Several articles in this blog will be devoted to the notion of ownership, which is fundamental to acting in the field of international cooperation, and which is more in the education sector. In this article, we will focus on the definition of ownership and some observations.
To define the concept of ownership in the field of cooperation, we can refer to the 2005 Paris Declaration on Aid Effectiveness1, which established it as a key principle:
It is now the norm for aid recipients to forge their own national development strategies with their parliaments and electorates.
We see that ownership implies not only the involvement of national decision-makers, but also (and the difficulty is to know to what extent) local education actors, such as teachers, school principals, parents, etc., who are well placed to know what is relevant to be put in place in this field2. This means that international cooperation can succeed only in the long term if stakeholders in developing countries consider externally funded projects or programs as their own and are closely involved in their design, implementation and evaluation. In short, they must take ownership of the actions to be carried out in education.
This concept also reflects the idea of balanced partnerships between national/local and cooperation actors. We will have the opportunity to come back to this notion of “partnership” in a future article.
But what about the ‘ownership’ in practice of international cooperation in education (ICE)?
Despite changes in the methodology of development assistance, which appeared in particular after the above-mentioned declaration, many criticisms are levelled at the ICE. A common criticism is that projects or programs are still too often thought of in a top-down way, without setting up real participatory processes at the different levels (design, implementation, and evaluation) that would allow, among other things, this ownership at the national policy level, but also and especially at the level of beneficiaries.

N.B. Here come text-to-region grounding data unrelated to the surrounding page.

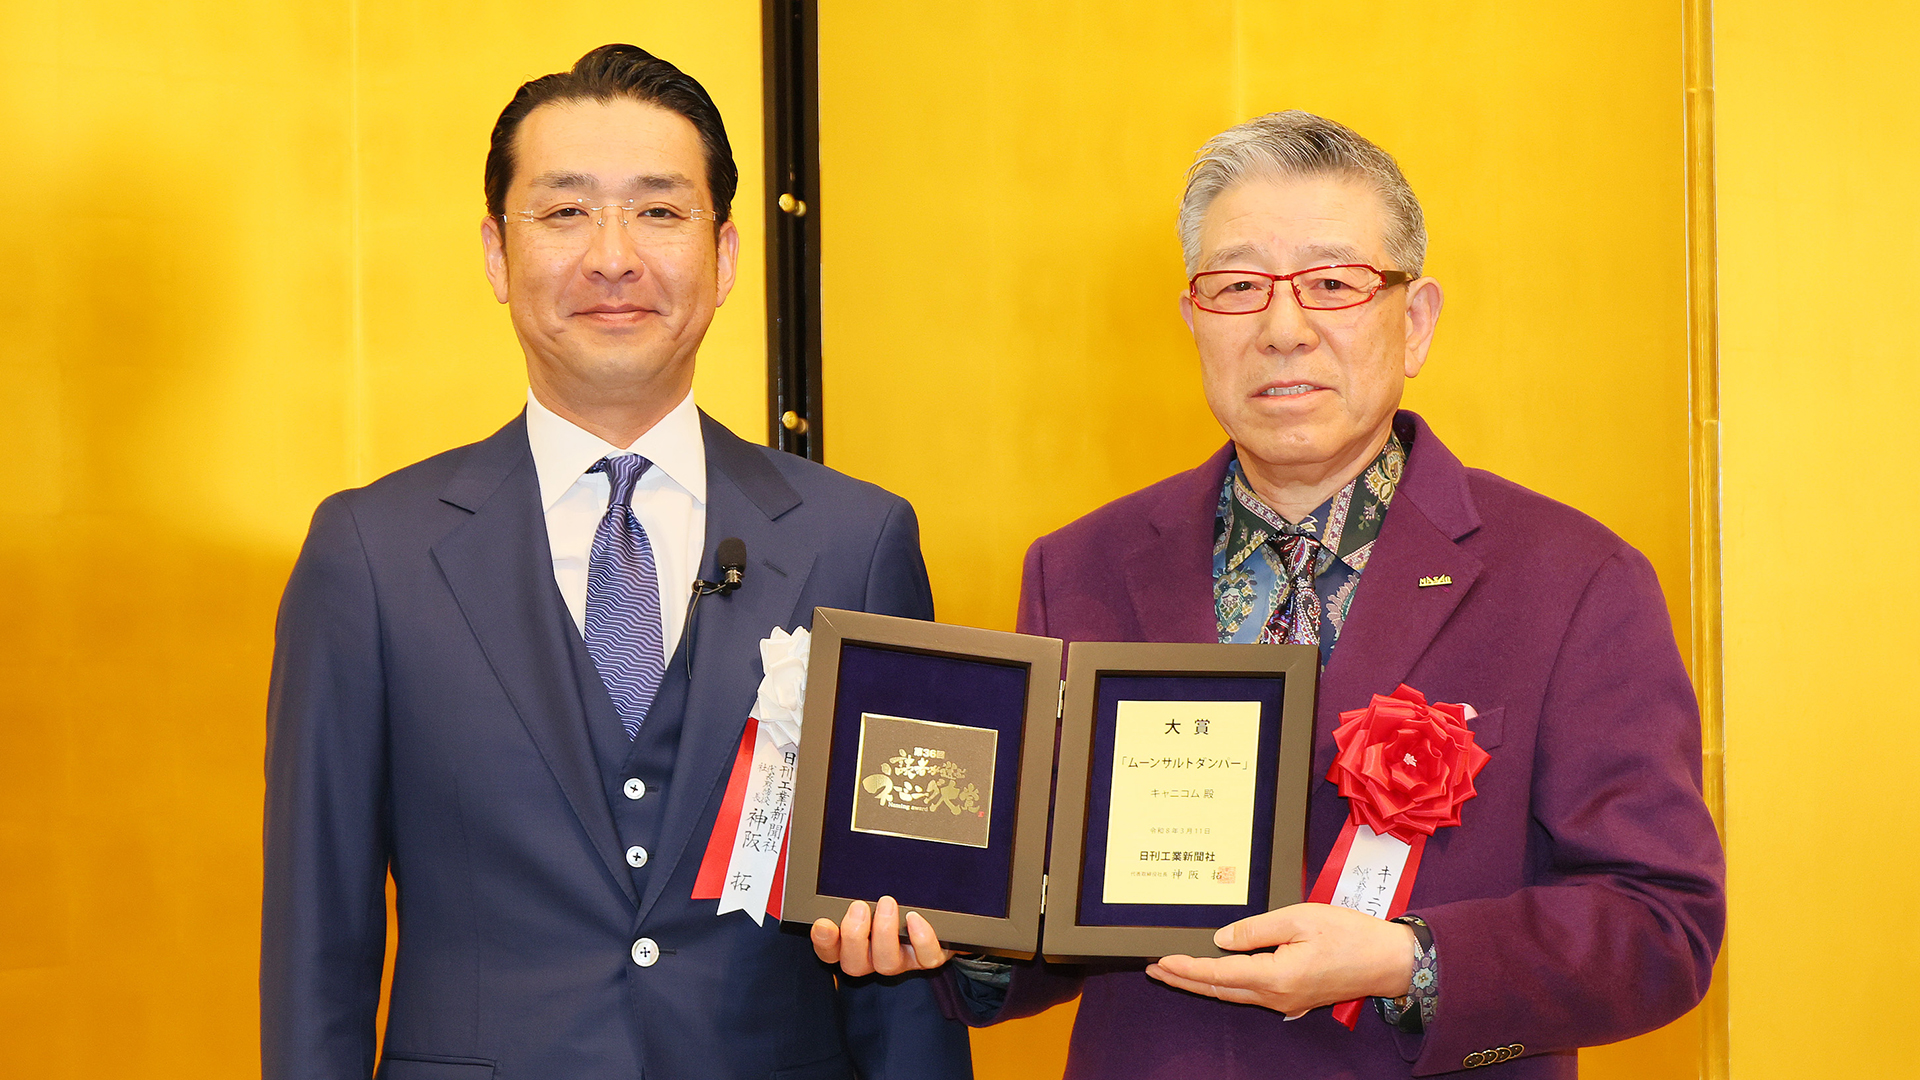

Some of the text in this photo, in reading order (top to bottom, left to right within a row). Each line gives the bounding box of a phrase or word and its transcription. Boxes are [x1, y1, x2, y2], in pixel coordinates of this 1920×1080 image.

[1165, 718, 1210, 735] 大賞
[1121, 756, 1248, 770] 「ムーンサルトダンパー」
[1151, 788, 1200, 799] キャニコム
[763, 751, 796, 855] 日刊工業新聞社
[730, 807, 769, 892] 神阪 拓
[1139, 850, 1216, 862] 日刊工業新聞社
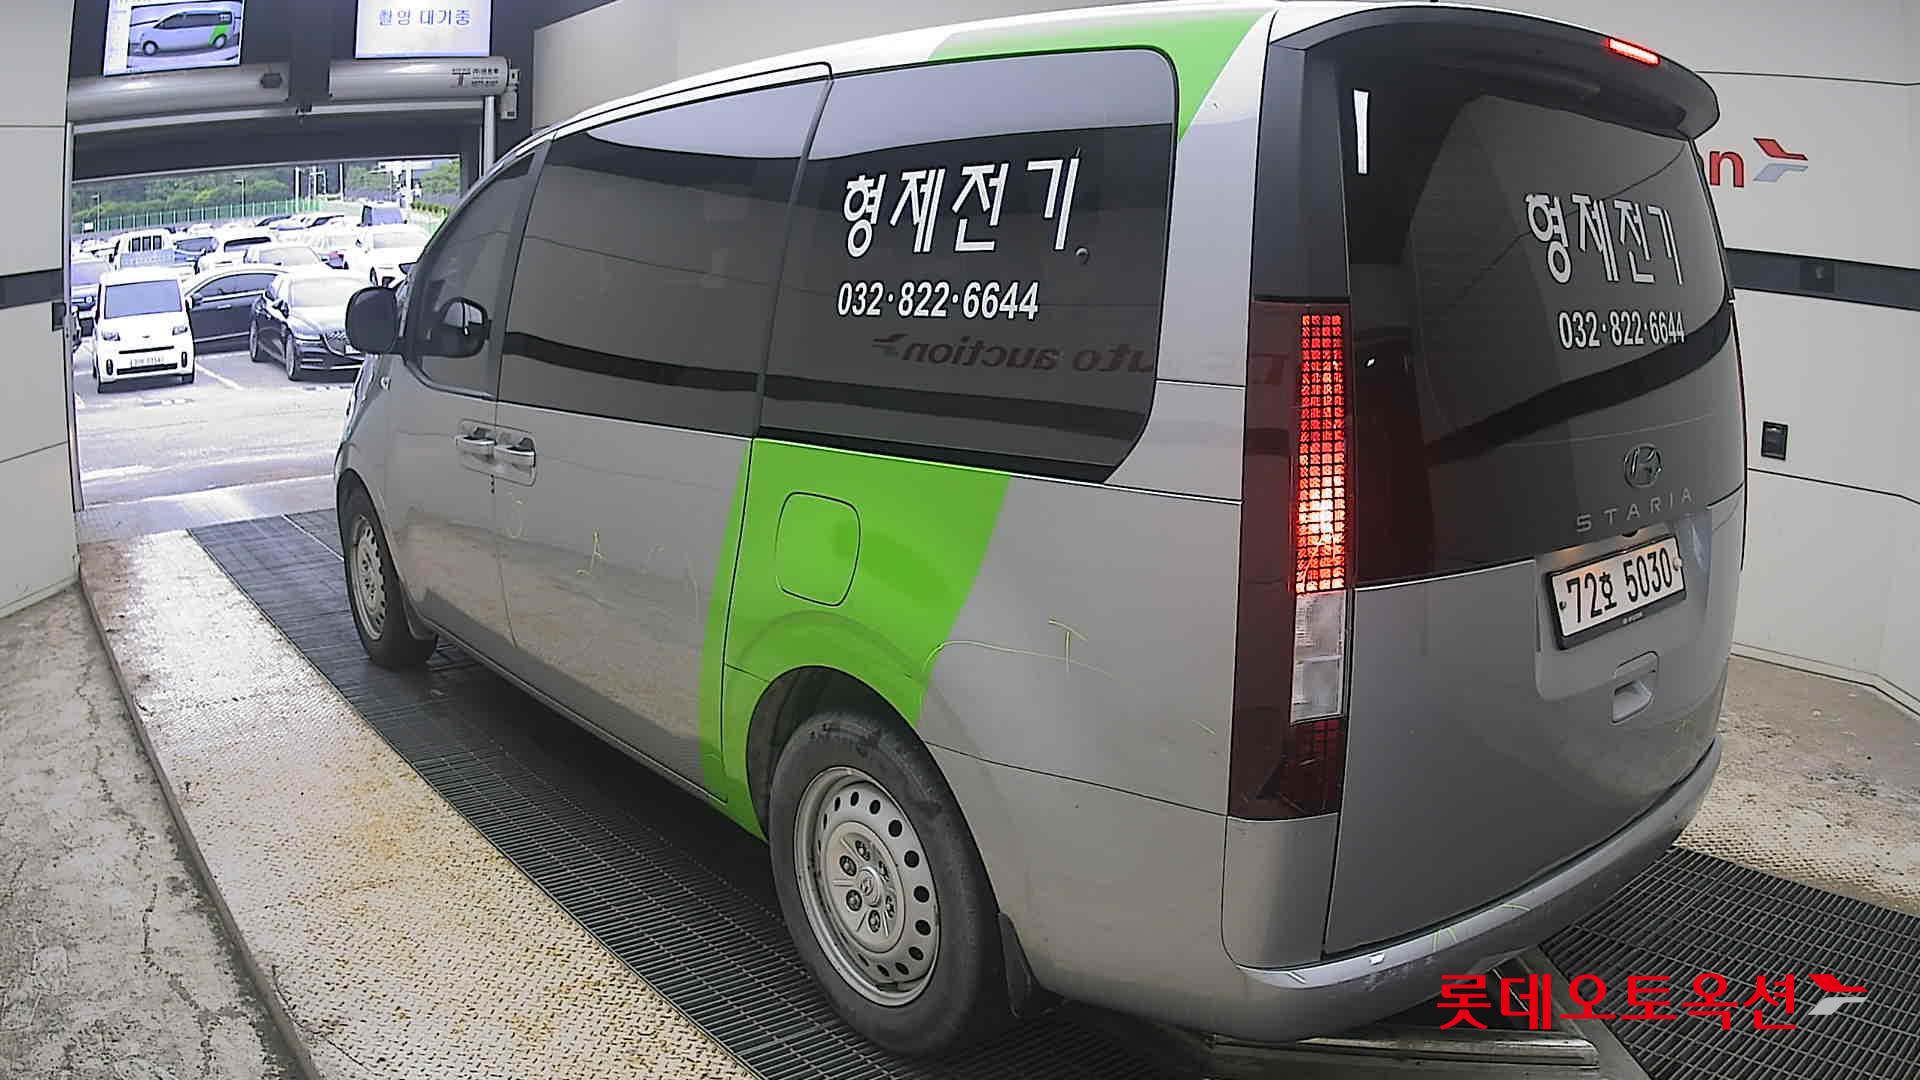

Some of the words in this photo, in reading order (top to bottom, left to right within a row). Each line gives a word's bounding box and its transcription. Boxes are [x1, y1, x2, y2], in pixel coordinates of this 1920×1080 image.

Indeed, very often in international cooperation projects, decisions are rarely made with local actors3.
Based on two studies we have conducted in recent years, we will demonstrate the difficulty for international cooperation actors to respect this principle of ownership.

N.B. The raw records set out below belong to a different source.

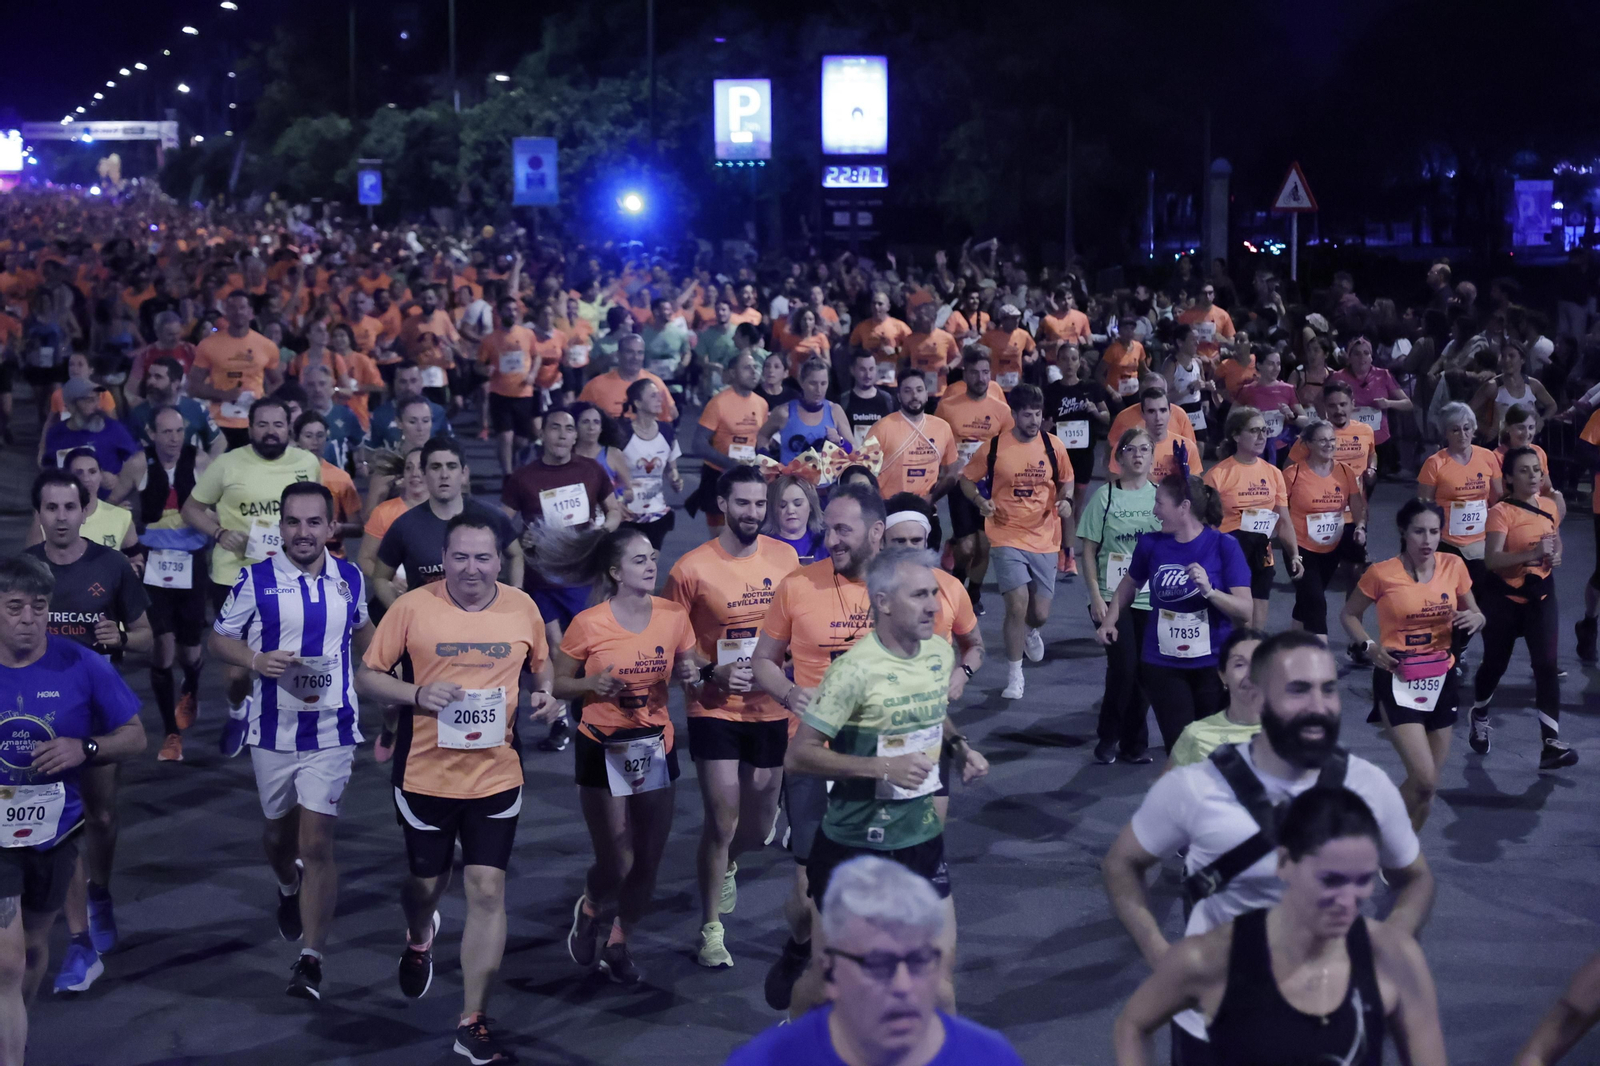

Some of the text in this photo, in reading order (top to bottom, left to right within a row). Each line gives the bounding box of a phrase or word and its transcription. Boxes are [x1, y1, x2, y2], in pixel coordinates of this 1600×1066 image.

[729, 86, 761, 132] P
[826, 166, 883, 183] 22:07
[853, 413, 881, 421] Deloitte
[553, 498, 581, 512] 11705
[1462, 513, 1480, 522] 2872
[1253, 521, 1270, 530] 2772
[1317, 523, 1339, 533] 21707
[157, 560, 184, 572] 16739
[1161, 570, 1190, 587] life
[727, 598, 758, 609] SEVILLA
[61, 625, 86, 635] Club
[830, 621, 867, 629] SEVILLA
[1169, 626, 1200, 640] 17835
[618, 665, 666, 675] SEVILLA KH7
[293, 674, 332, 689] 17609
[1407, 679, 1439, 691] 13359
[454, 708, 496, 724] 20635
[12, 729, 30, 740] edp
[624, 756, 651, 772] 8271
[6, 806, 46, 822] 9070

The first research project focused on the design and implementation of the Competency-Based Approach (CBA) in French-speaking West Africa. Without going into detail, this approach, whose purpose is to ensure that learners not only learn knowledge, but also build skills, was supposed to be the miracle cure for the poor quality of education systems. Among its characteristics, it is a question of moving from a traditional, transmissive pedagogy to an active pedagogy, “a pedagogy of learning”4. What we must remember in our discussion is that this approach did not emanate from the will of national or local actors, but was driven by international cooperation in contexts where countries are historically accustomed to an exogenous presence (dependence linked to colonization and then to international aid). The institutions supporting the adoption of CBA were as follows: UNESCO, UNICEF, CONFEMEN, European Union, African Development Bank (AfDB), Belgian, Canadian and French cooperation etc. Expertise offices have also specialized in promoting CBA in Africa (including textbook writing as in Senegal), often arriving with turnkey models, but in technical language that is difficult for national decision-makers to understand. These offices operate with the funding offered by international cooperation. This strong international influence makes this approach explicit in the curricula of a very large number of countries on the African continent as a result of this impetus from international cooperation (countries in green on the map below).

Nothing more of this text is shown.